I do not recommend swimwear worn outside of an indoor pool setting in fall. If you were thinking of just wearing a wifebeater under your sport coat with no shirt, be aware that this is not seasonally appropriate. Similarly, short sleeved jackets and open-toed wingtips should not be worn after Labor Day.

Ketchup and mustard stains are a charming decoration for linen pants, but are generally discouraged for flannel pants, since flannel would be too hot for summer barbecues. Ketchup stains on flannel therefore suggests that you boiled yourself Oscar Meyers for dinner at home on a wintry evening, which is not gentlemanly. Appropriate stains for flannel pants include beef stew, applesauce, and Oktoberfest beer.

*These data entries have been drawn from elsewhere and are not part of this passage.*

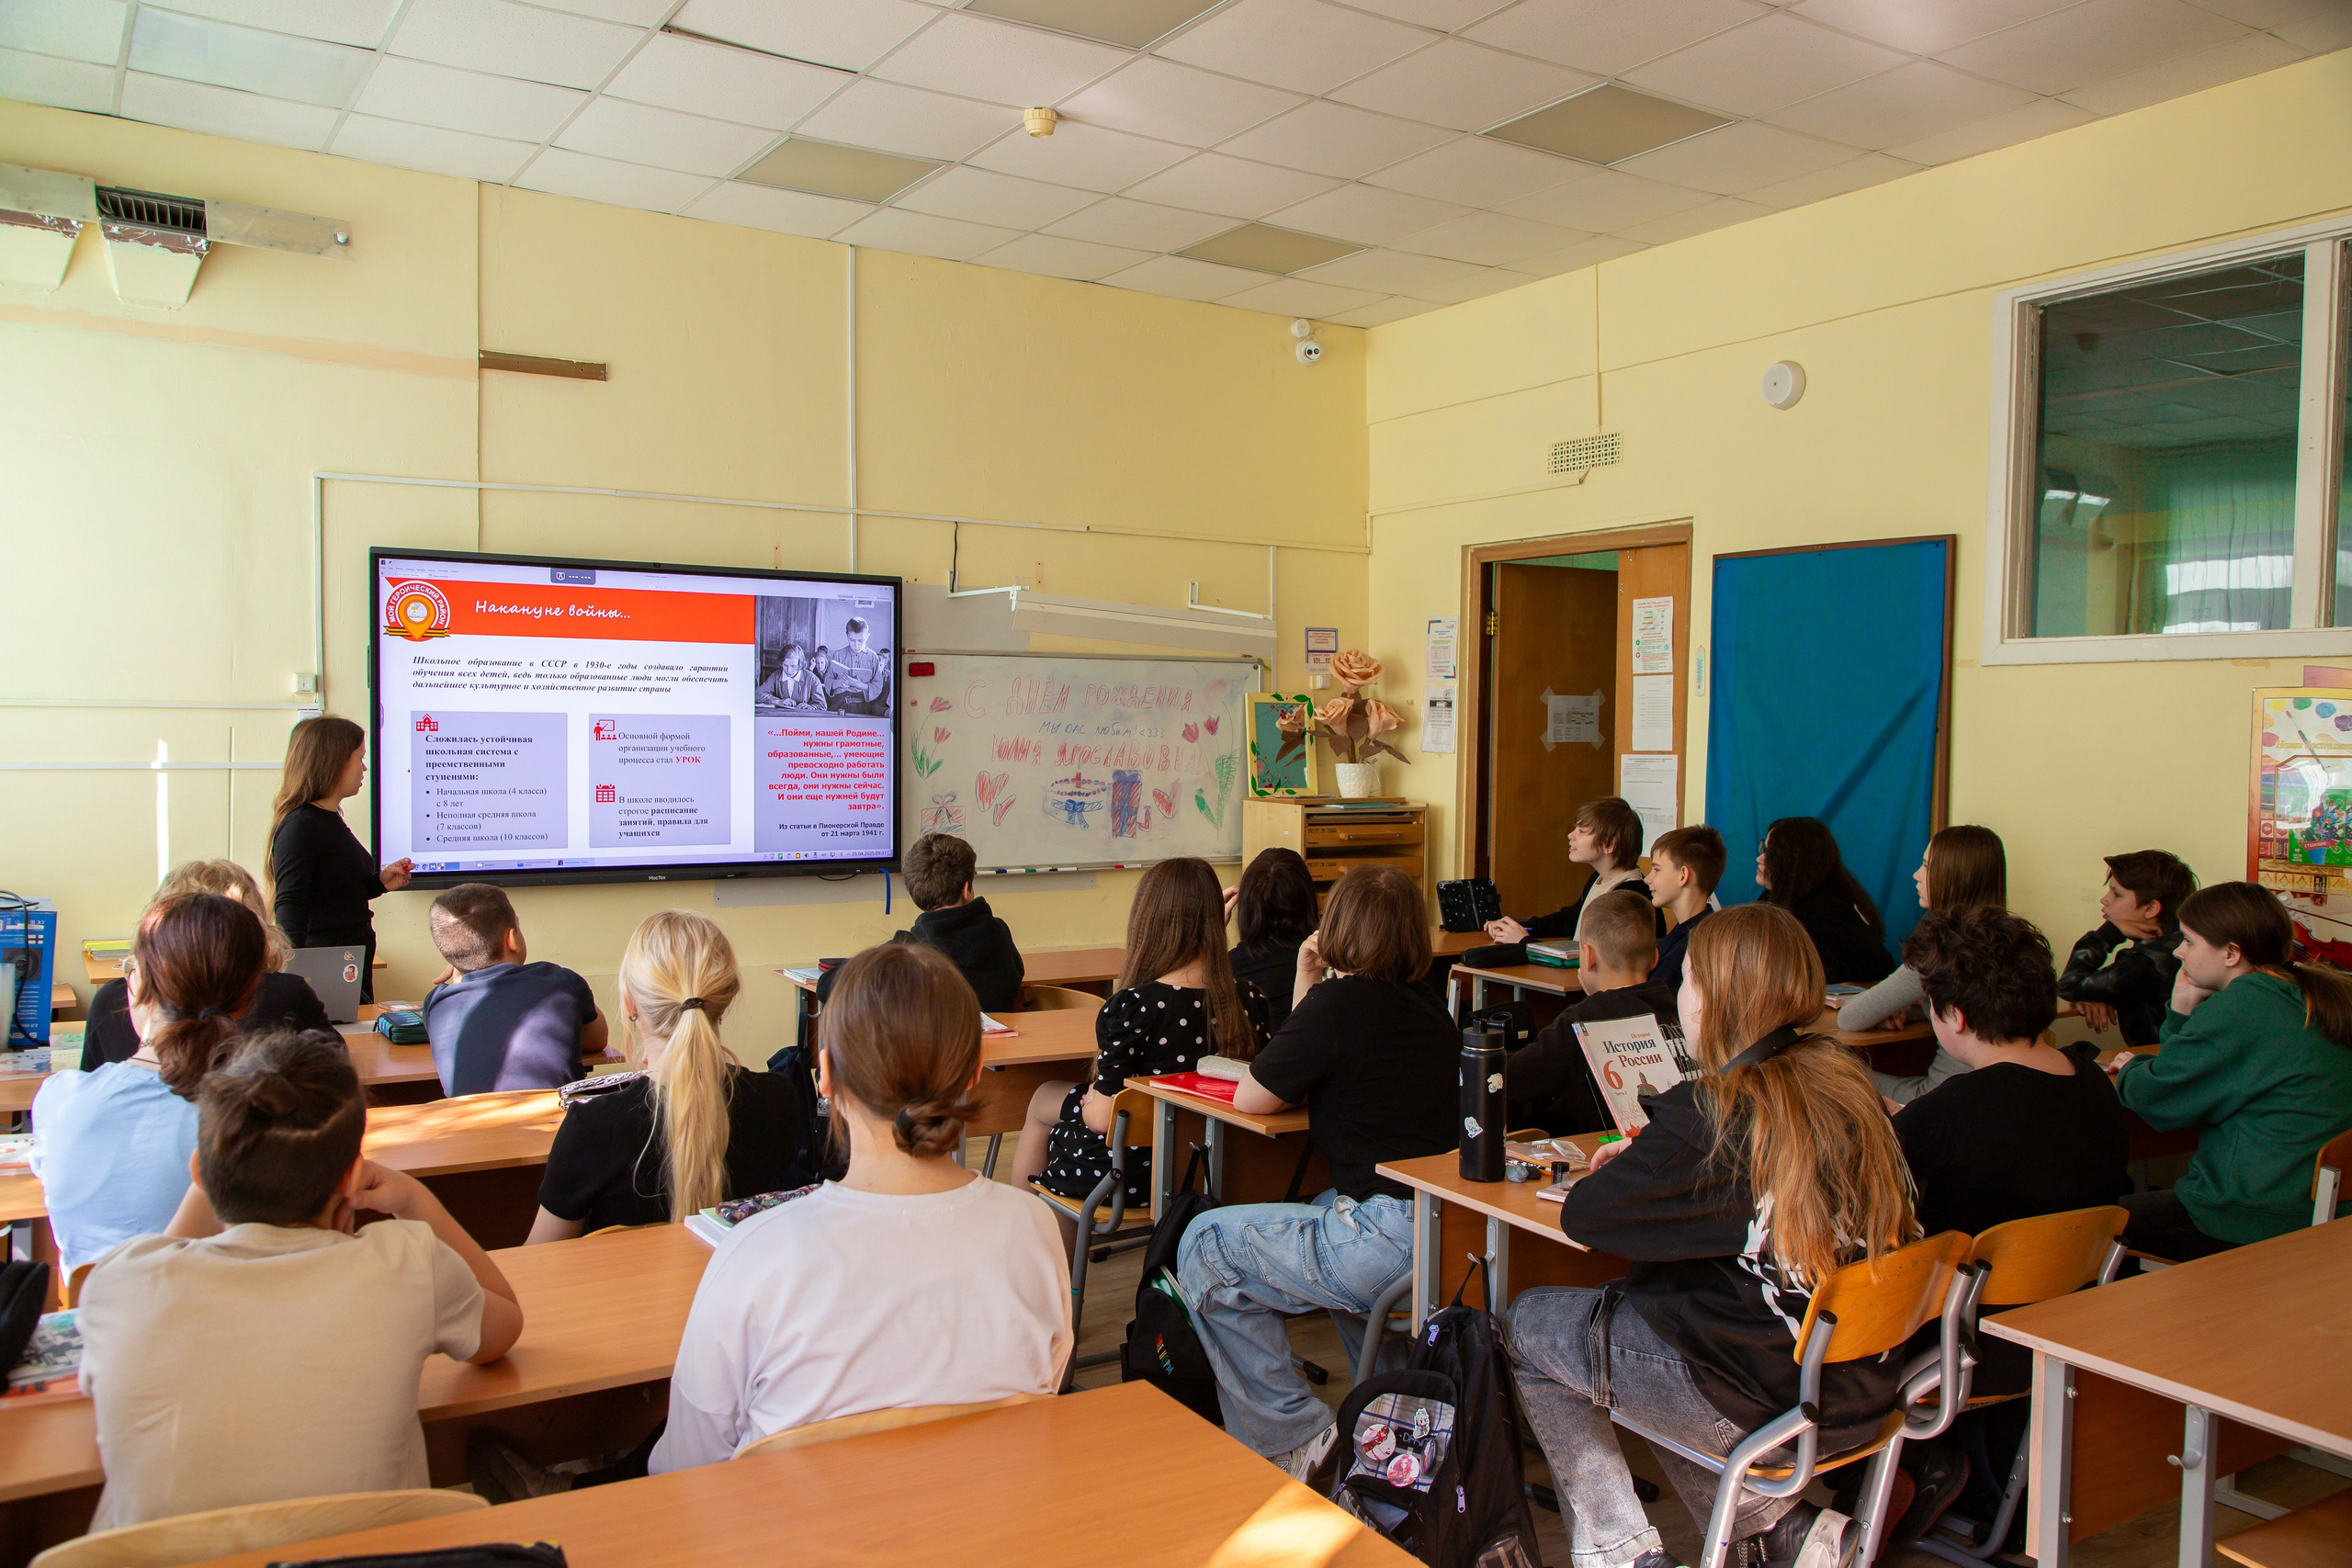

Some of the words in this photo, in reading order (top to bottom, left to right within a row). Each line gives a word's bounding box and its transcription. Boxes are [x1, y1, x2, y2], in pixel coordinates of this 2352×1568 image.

[390, 584, 440, 605] ГЕРОИЧЕСКИЙ
[387, 605, 396, 623] МОЙ
[437, 600, 447, 625] РАЙОН
[475, 600, 564, 619] Накануне
[569, 603, 631, 619] войны...
[413, 656, 461, 666] Школьное
[468, 658, 522, 667] образование
[541, 660, 567, 668] СССР
[585, 660, 612, 669] 1930-е
[413, 670, 455, 678] обучения
[480, 670, 510, 679] детей,
[570, 672, 628, 682] образованные
[682, 675, 729, 683] обеспечить
[413, 681, 468, 689] дальнейшее
[469, 682, 521, 691] культурное
[531, 683, 596, 692] хозяйственное
[597, 685, 637, 693] развитие
[639, 686, 671, 694] страны
[964, 679, 987, 719] С
[1006, 676, 1071, 715] ДНЁМ
[1082, 683, 1193, 712] РОЖДЕНИЯ
[767, 728, 813, 738] «...Пойми,
[1038, 722, 1062, 734] МЫ
[1064, 723, 1086, 734] ВАС
[425, 735, 478, 743] Сложилась
[481, 736, 533, 744] устойчивая
[660, 733, 690, 741] формой
[670, 744, 706, 753] учебного
[835, 741, 885, 749] грамотные,
[767, 750, 842, 759] образованные,...
[991, 734, 1042, 767] ЮЛИЯ
[618, 756, 655, 765] процесса
[846, 761, 885, 770] работать
[425, 773, 479, 782] ступенями:
[518, 787, 547, 795] класса)
[825, 792, 858, 801] нужней
[860, 792, 885, 801] будут
[651, 807, 698, 816] расписание
[847, 803, 885, 811] завтра».
[447, 823, 482, 831] классов)
[618, 818, 656, 827] занятий,
[657, 818, 692, 827] правила
[436, 835, 471, 843] Средняя
[500, 833, 513, 841] (10
[618, 829, 661, 839] учащихся
[1603, 1039, 1657, 1053] История
[1617, 1054, 1663, 1068] России
[1603, 1060, 1623, 1090] 6
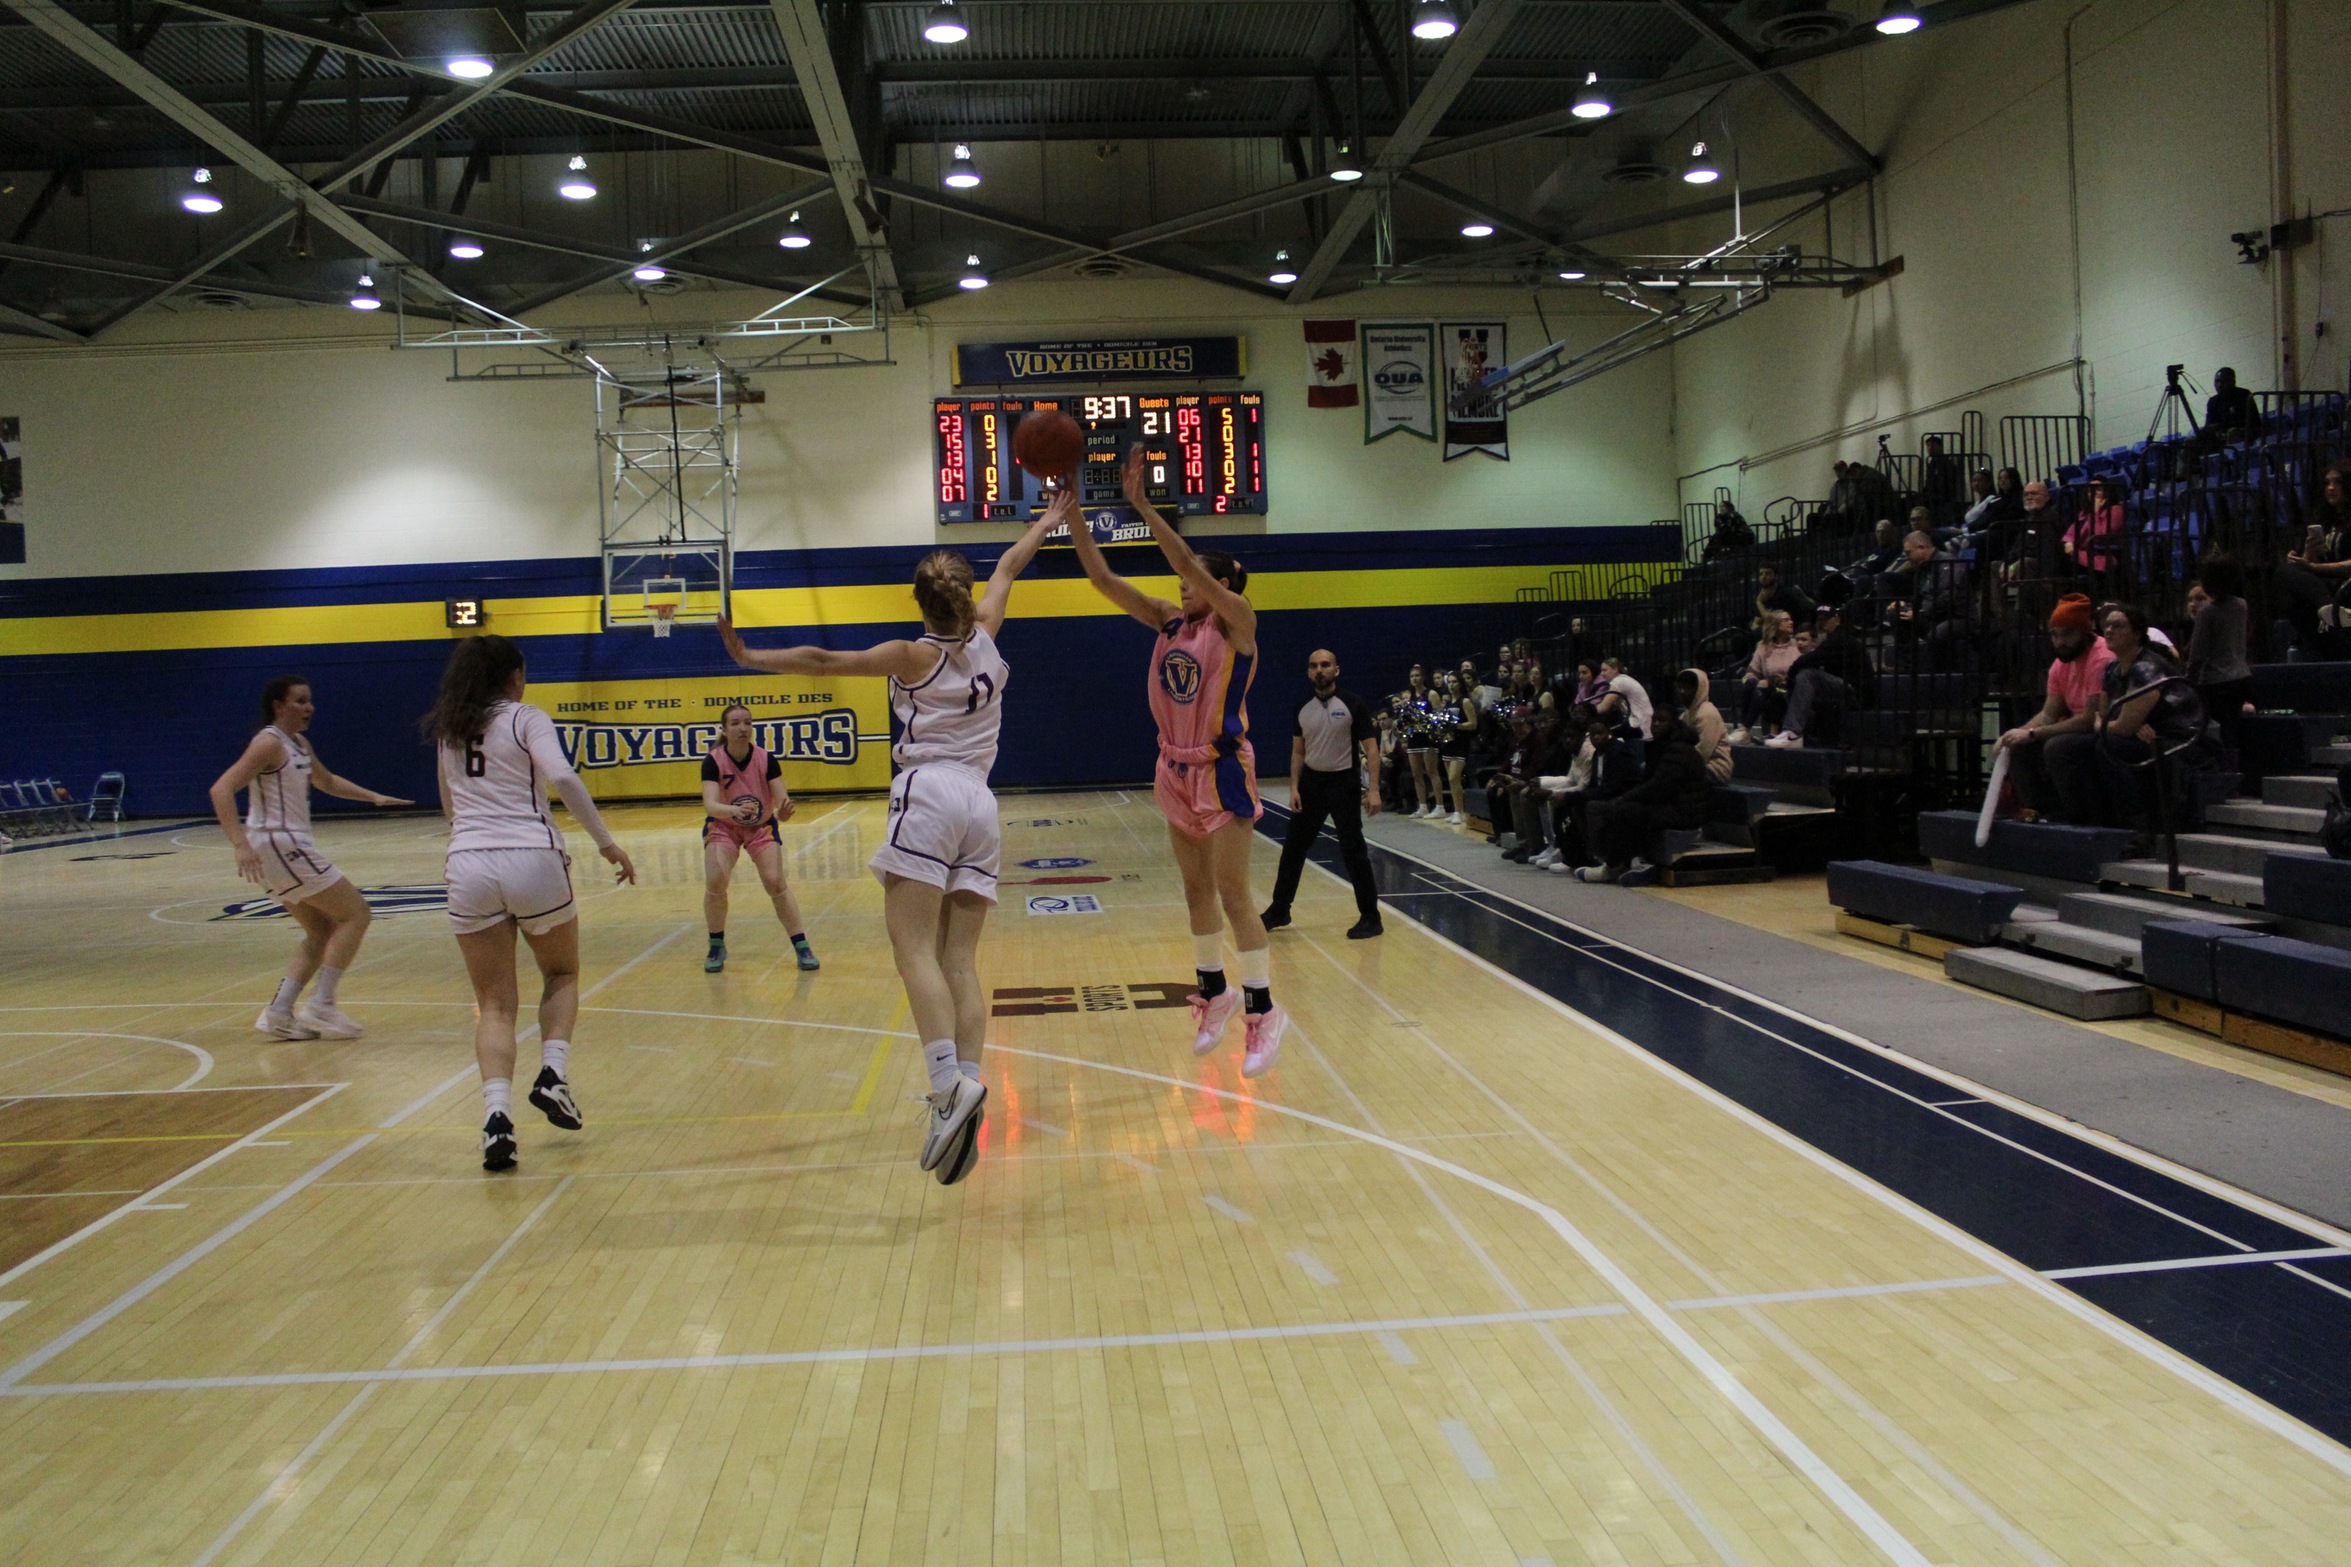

Finally, there are a few things that seem like they should work, but don’t. For instance, tweed boxer-and-sock sets. Too matchy-matchy. Likewise, you might think it’s clever to use an actual autumn leaf as either a pocket square or boutonniere. Be careful with this. I left one leaf in a breast pocket and came back later to find an entire caterpillar colony. Also, spaghetti squash makes a nice wig, but it won’t last past lunch time.

How to Impress Everyone

Codpieces are back in for fall. For extra seasonal flair, I have mine made from dried gourds. You just have to look around for shapes that you like. Don’t be afraid to experiment. It’s tempting to just stick with the standard bowling pin style, but try mixing it up with the occasional figure eight or flamingo.

Another seasonal touch that is sure to impress everyone is to switch out your briefcase for a carved pumpkin. These are fun to do yourself, which allows you to get creative with your carving design. :foo:? We can discuss that at this time. Donald Trump wearing a sombrero? Make America great again. One pumpkin at a time. Just be sure to attach a high quality leather handle to the top so that a nice patina can develop over the course of the season.

Or, if fall clothing is so difficult for you to master that you’d rather sit this season out, just stay home. It will probably rain a lot, and that’s great for staying home, curling up with a book and reading all day.